Friday, September 29, 2006

Remember the Alamo


Yesterday was a day of great excitement and great Trauma for Trotter.

Yes. Yesterday Trotter, aided by Fing, escaped into the main body of the garden, where the little treasure found a pot of terracotta maisonry paint which he promptly picked up and shook very, very vigourously, causing the lid to fly off and all the paint to come out.

By the time I got home Trotter was a lovely shade of orange and was the happiest a boy could ever be, how much fun had Trotter had?

There were orange footprints up the stairs. Orange footprints on the sofa.

There were orange footprints all over the sitting room, in my bed, all over the garden.

There were whiskery paint marks on the walls, orange paint on the cats and on Martha.

There was compost everywhere too and right in the middle of everything was an ecstatic Trotter, wagging his tail and trying to rub his little orange head against me, Martha, the furniture, a disgruntled Fing and anything else he could get his paws on.

The vet recommended that we remove the paint immediately with white spirit, but Trotter didn't like that and wriggled and wriggled so much that we had to give up the attempt.

Eventually, Martha, Shane and I had to pin him down in the bath, smother him in Fairy liquid then hose him down.

The sitting room was so slippery with wetness and paint that upon our return Shane skiddied 4 foot across the room on one leg and nearly went arse over tit onto the sofa. Luckily he maintained his balance and composure and righted himself before he fell.

And Trotter wagged his tail from the doorway.



Trotter and his Orange Feet

Thursday, September 28, 2006

Wig today gone tomorrow

There is great excitement in the house as a collection of hair pieces have arrived in the post despite only one being ordered.

Fing is sitting in the kitchen window wearing a long flicky blond wig.
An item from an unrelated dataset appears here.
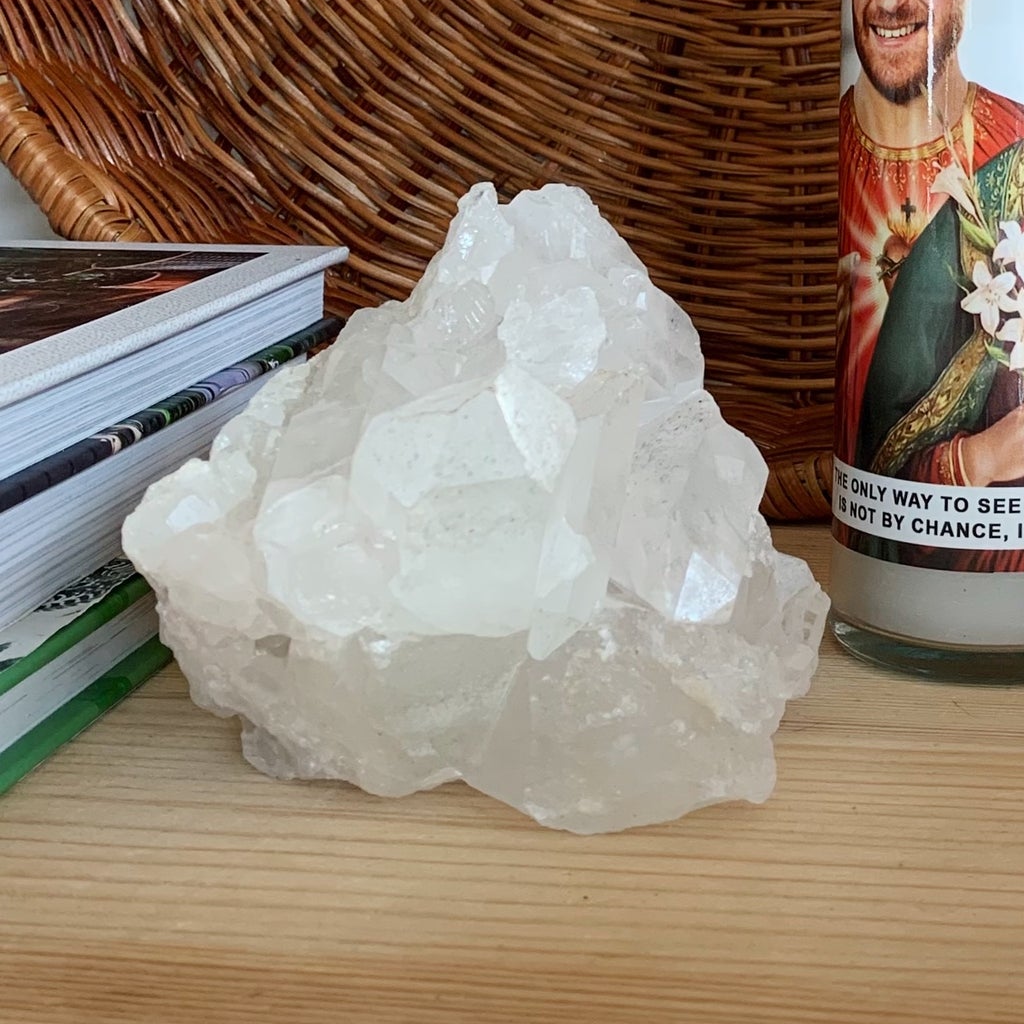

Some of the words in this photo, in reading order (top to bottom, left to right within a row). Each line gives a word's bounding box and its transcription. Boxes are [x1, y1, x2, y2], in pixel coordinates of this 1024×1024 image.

Tutz has attached a large red spiky hair piece on her head and is bouncing around in the bedroom like bambi on acid.

Lulu is wearing a large afro wig and is doing keep fit in the sitting room.

Giggsey girl the stupid Slug face found a beard at the bottom of the bag and has donned a brown overcoat and is pretending to be a spy in the back garden.

Fat Boy Faggot is lounging in the bathroom with a large blonde beehive wig on, buffing his nails.

And Trotter? Trotter has an assortemnt of wigs on, from every time period and every style. He is a smorgasborg of hairy delights and whiskery madness. He is pottering around the hallway like a multi faceted cousin IT and when Fing joins him, the circle is complete.

Wednesday, September 27, 2006

Count down to D Day

All over the south of England people wait with baited breath for drag night.

In Portsmouth Prior try's on his best turban and pretends to be Eartha Kit.

In Cuddesdon Shane can't sleep with excitement and lays in bed looking longingly at his long blond wig.

In Jerico Stuart sits on the internet chatting on Gaydar. What no one knows is that all he has on is a pair of fishnets, his wig and is drinking a campari and soda.

Damon wonders where he will get changed when he arrives from London.

In deepest Hertfordshire Lorna practises her magic tricks and thinks about her glamorous assistant.

Fing has on his new fetish gear and is parading around the bedroom admiring his reflection in a full length mirror.

Tutz is smirking to herself thinking she may win a champagne prize in her cunning outfit, yes, she is coming as Chairman Mao (or is that Chairman Miaow? She chuckles to herself before snorting some more ajax)

Lulu is coming as a cup cake, Giggsey Girl the stupid Slug Face in full combat gear. Fat Boy Faggot is a shiny centurion, and Trotter?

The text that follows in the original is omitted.